The Booty Report

News and Updates for Swashbucklers Everywhere

Arrr, that scallywag robot be thwarted! No fuel samples from the molten treasure at Japan’s cursed reactor, matey!

2024-08-22

Arrr, matey! A clumsy contraption be tryin' to snatch a taste o' melted treasure from the cursed Fukushima, but alas! It be stumblin’ like a drunken sailor, and the venture be put on hold! Aye, even robots have their off days on the high seas of science!

Ahoy, me hearties! Gather 'round and lend an ear, for there be tales of high-tech shenanigans at the cursed Fukushima Daiichi, a place where the seas of misfortune be runnin' deep! Recently, a mighty extendable robot was set to plunder a wee morsel of melted fuel from the belly of the beast known as Unit 2 reactor, but alas, the plans went awry!
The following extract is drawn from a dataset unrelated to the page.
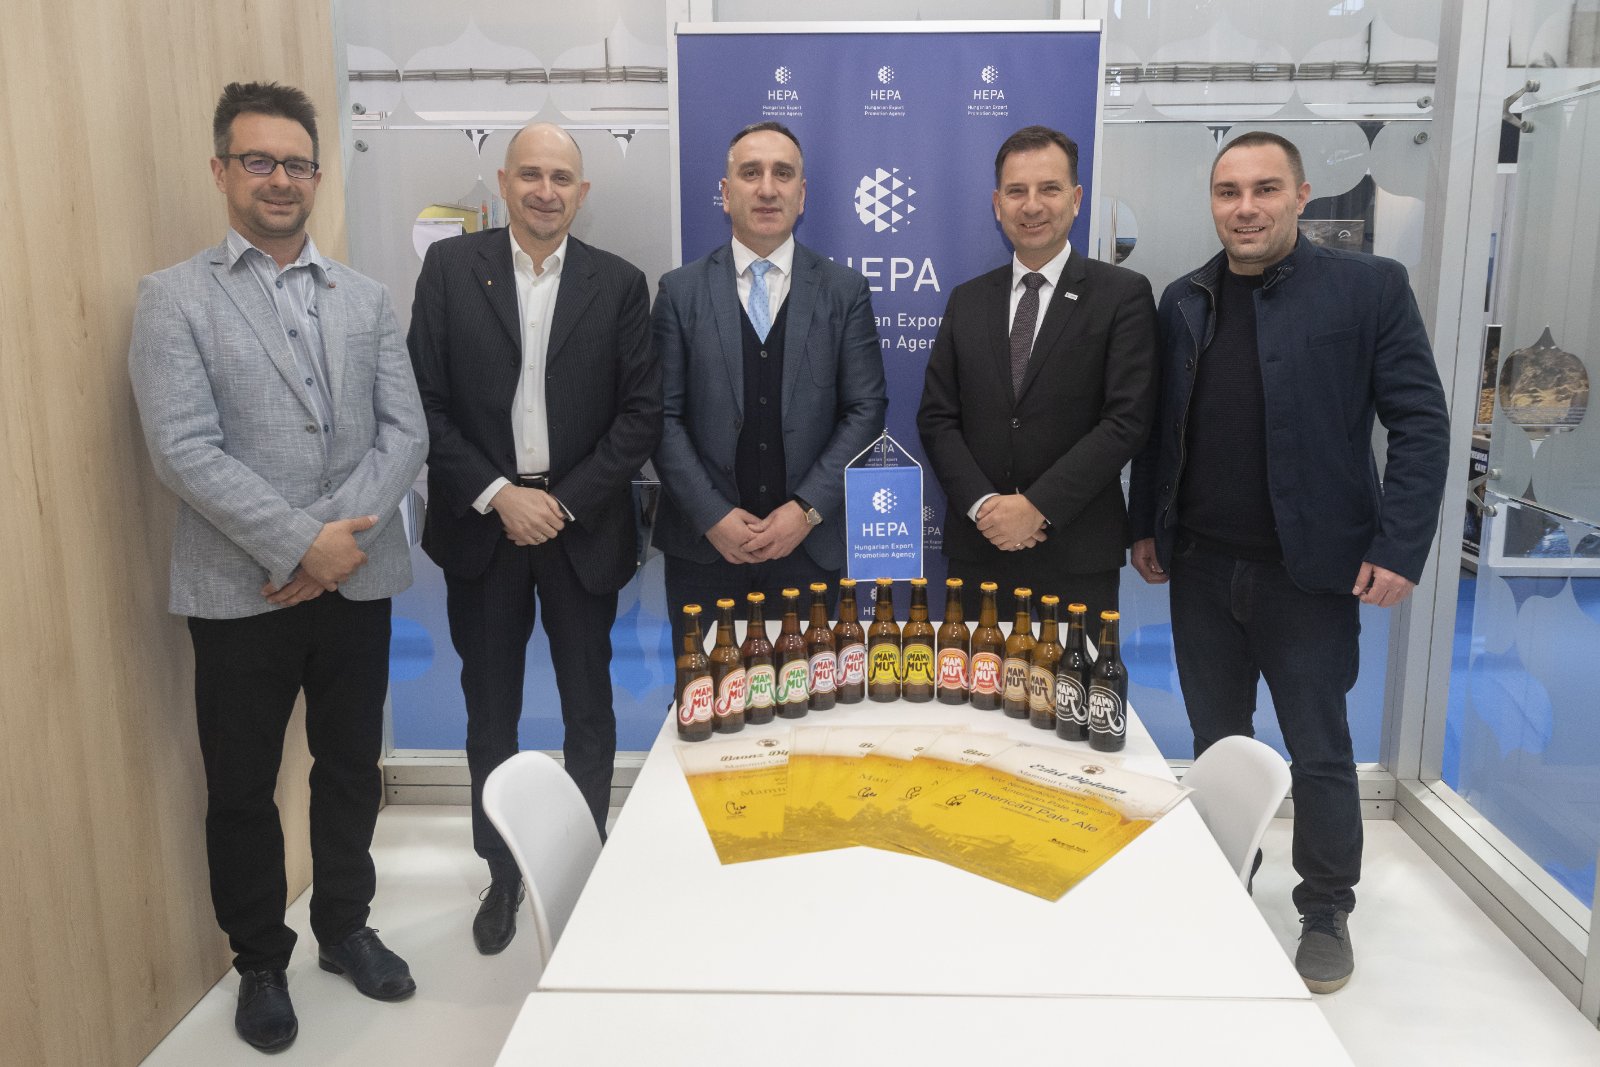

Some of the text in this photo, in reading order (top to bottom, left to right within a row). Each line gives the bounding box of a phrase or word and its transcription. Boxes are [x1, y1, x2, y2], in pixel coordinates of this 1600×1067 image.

Those scallywags at Tokyo Electric Power Company, bless their souls, discovered that five contraptions, or pipes as ye landlubbers call 'em, were set up all wrong—like a pirate tryin’ to sail a ship a’ backwards! This misalignment left the brave robot stuck, unable to hoist its tongs and snag the radioactive treasure it sought.

With the mission halted, the shipmates mulled over their blunder, ponderin' what manner of devilry could cause such a mess, while TEPCO’s captain insisted on safety first—no rushin' to the gallows, ye see! The goal was a paltry 3 grams of the hazardous gold from a hoard of 880 tons, to aid in the long voyage of decommissionin' this cursed ship of reactors.

So, as the tides of fate turn, the cleanup saga sails on, with visions of a 30- to 40-year treasure hunt ahead. Yarrr, what a fine mess indeed!